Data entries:
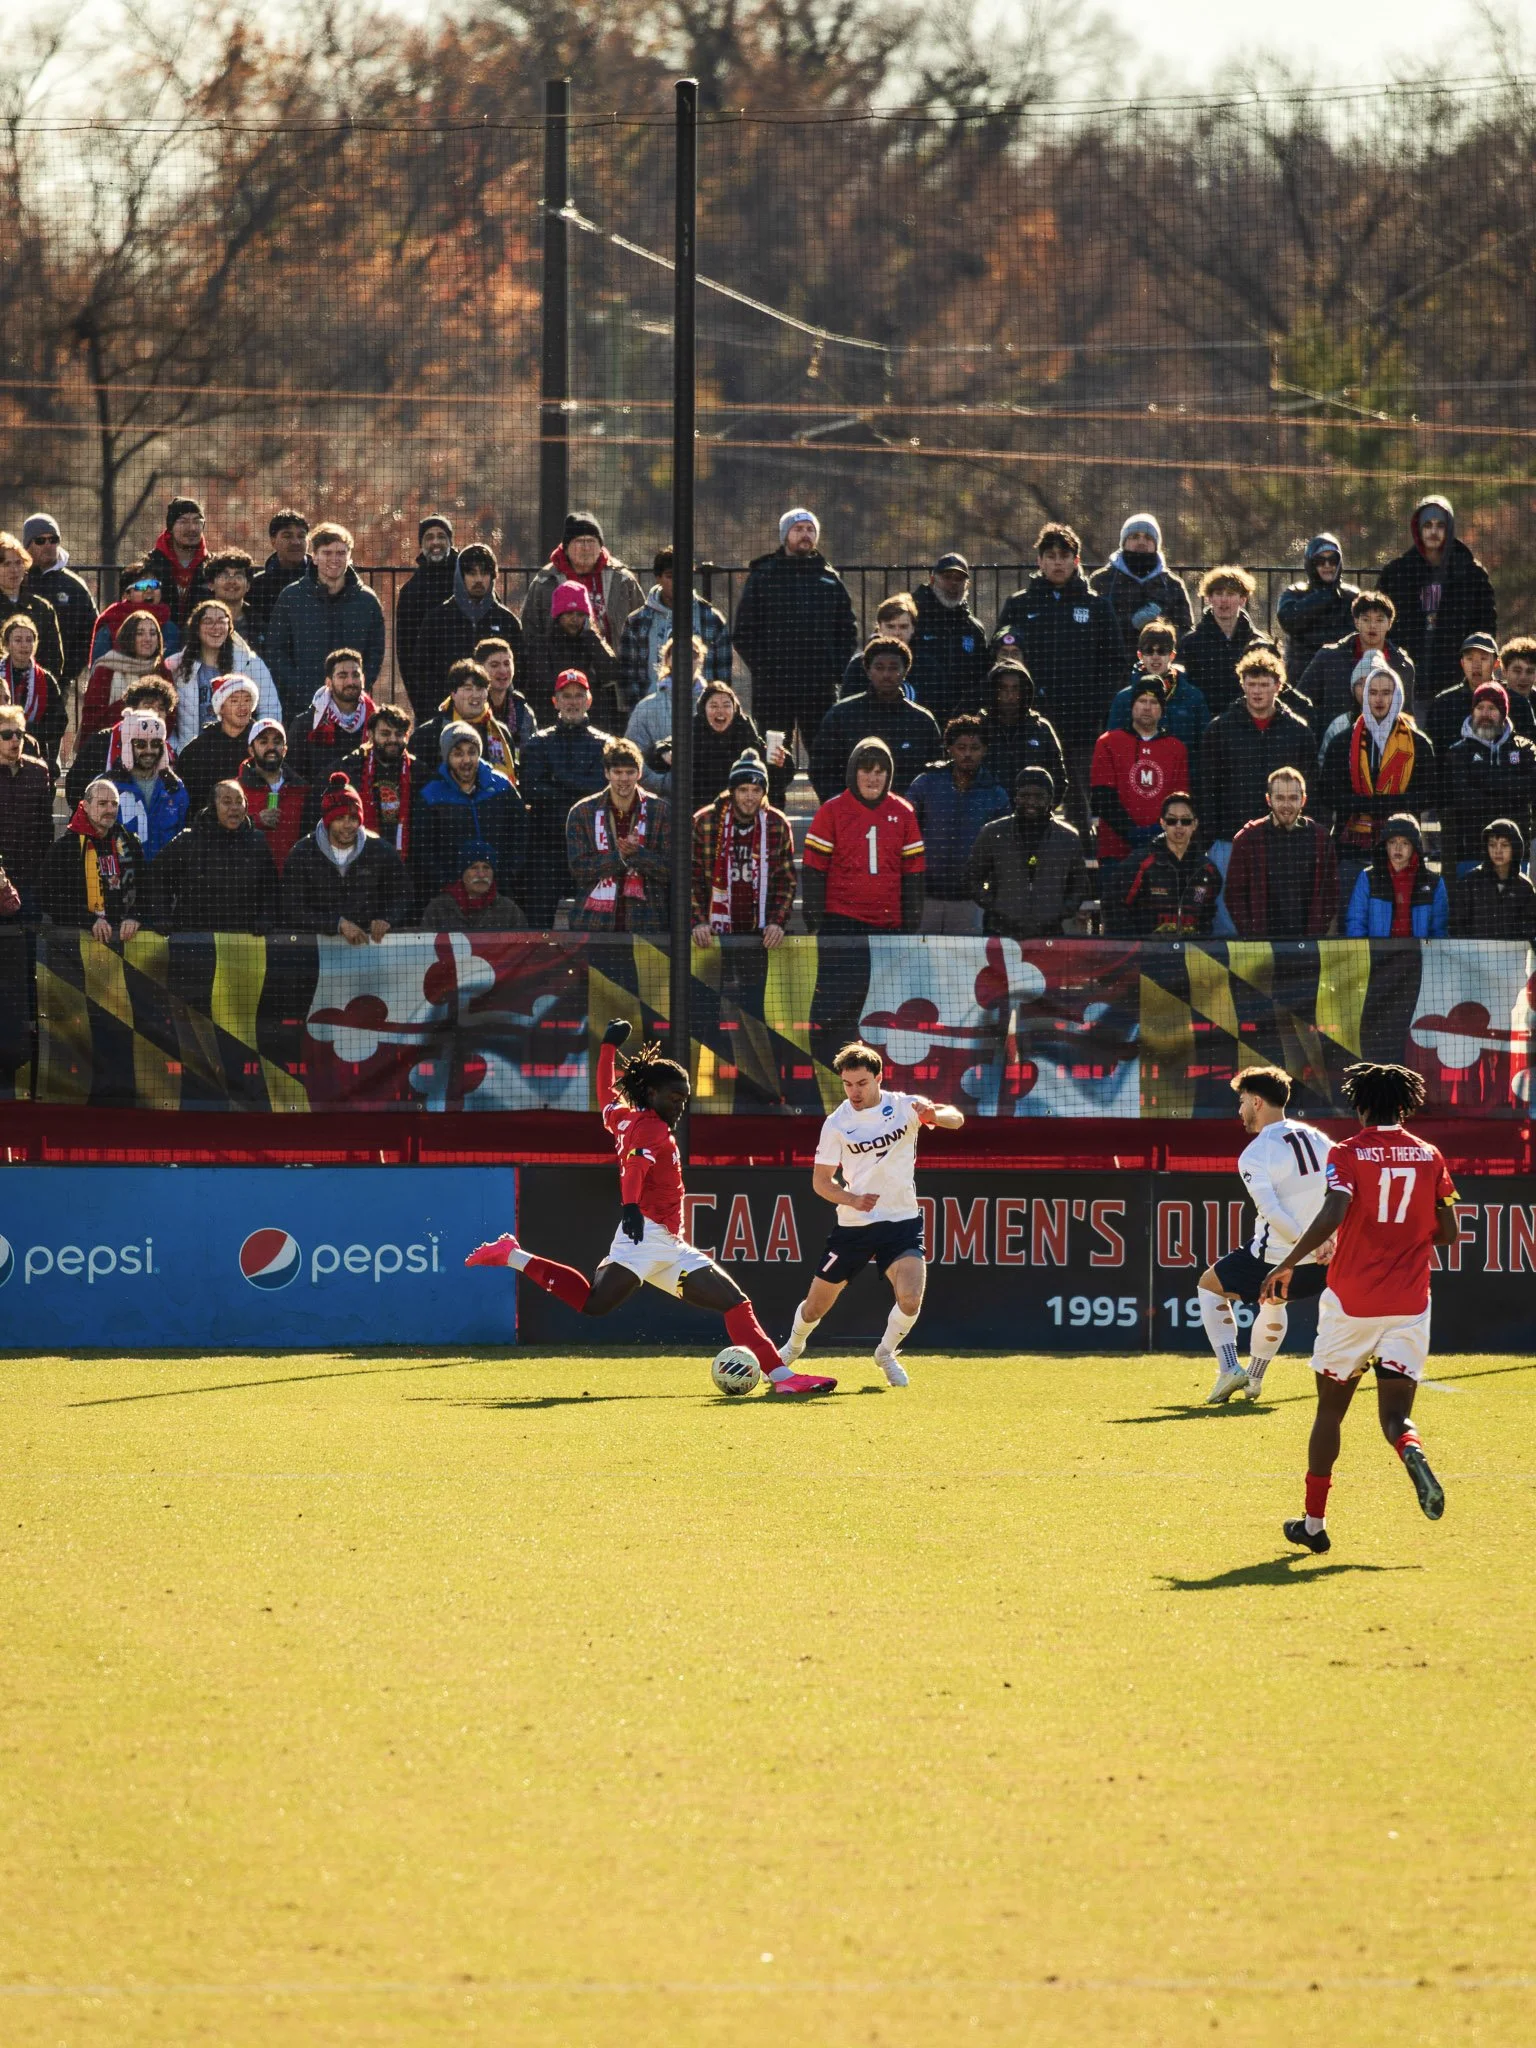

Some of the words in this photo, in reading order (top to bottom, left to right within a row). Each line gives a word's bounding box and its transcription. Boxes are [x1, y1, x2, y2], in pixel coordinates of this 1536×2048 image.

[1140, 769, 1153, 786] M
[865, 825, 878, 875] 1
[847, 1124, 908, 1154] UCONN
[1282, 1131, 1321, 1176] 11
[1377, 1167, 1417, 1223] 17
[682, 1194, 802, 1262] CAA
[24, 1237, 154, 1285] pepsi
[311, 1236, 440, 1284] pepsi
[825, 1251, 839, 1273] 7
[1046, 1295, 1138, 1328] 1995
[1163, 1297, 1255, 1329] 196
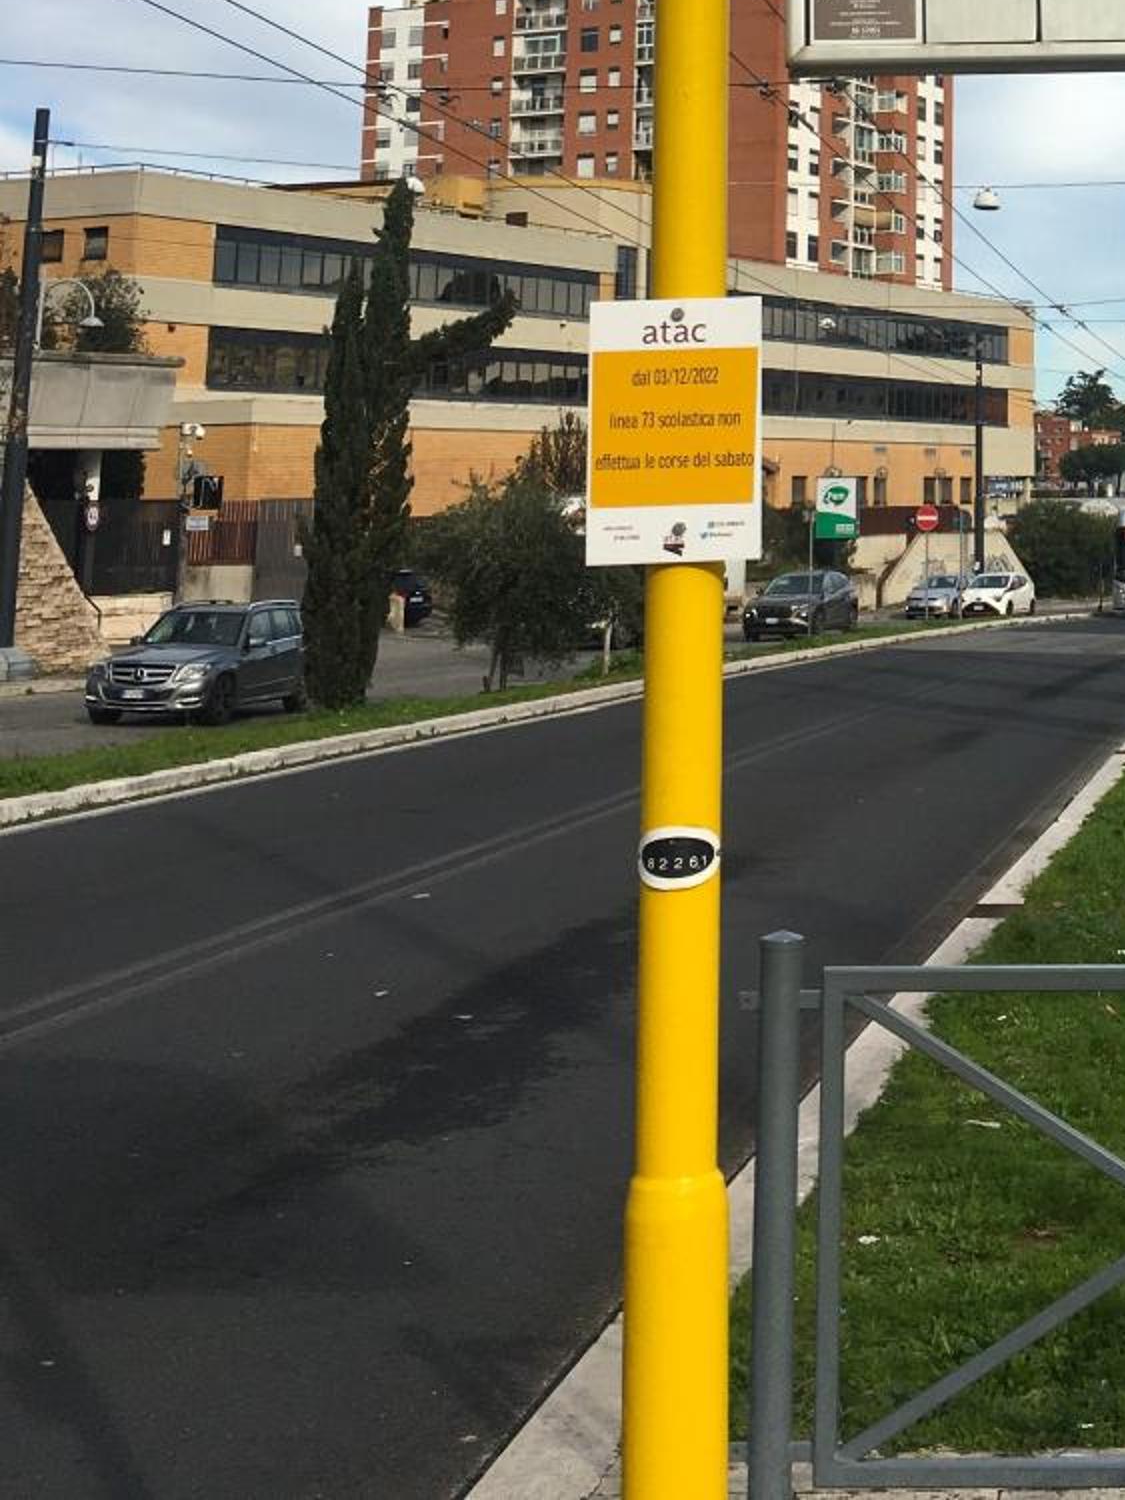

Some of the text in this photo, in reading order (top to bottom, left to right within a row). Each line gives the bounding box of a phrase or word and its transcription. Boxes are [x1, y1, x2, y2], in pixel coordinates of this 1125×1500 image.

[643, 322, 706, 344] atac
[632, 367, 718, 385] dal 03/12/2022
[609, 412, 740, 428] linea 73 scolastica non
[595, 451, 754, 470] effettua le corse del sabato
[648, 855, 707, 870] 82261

• _Task directions_
Return all of the entries exactly as written, but drop any pictures they hold.

• _Result_
Some of the words in this photo, in reading order (top to bottom, left to right within a row). Each line gives a word's bounding box and its transcription. Boxes are [x1, y1, x2, y2], in pixel coordinates of this 1536×2048 image.

[1140, 769, 1153, 786] M
[865, 825, 878, 875] 1
[847, 1124, 908, 1154] UCONN
[1282, 1131, 1321, 1176] 11
[1377, 1167, 1417, 1223] 17
[682, 1194, 802, 1262] CAA
[24, 1237, 154, 1285] pepsi
[311, 1236, 440, 1284] pepsi
[825, 1251, 839, 1273] 7
[1046, 1295, 1138, 1328] 1995
[1163, 1297, 1255, 1329] 196

Some of the text in this photo, in reading order (top to bottom, left to right within a row). Each line gives the bounding box of a phrase or word and its transcription. Boxes are [x1, y1, x2, y2], in pixel coordinates of this 1125×1500 image.

[643, 322, 706, 344] atac
[632, 367, 718, 385] dal 03/12/2022
[609, 412, 740, 428] linea 73 scolastica non
[595, 451, 754, 470] effettua le corse del sabato
[648, 855, 707, 870] 82261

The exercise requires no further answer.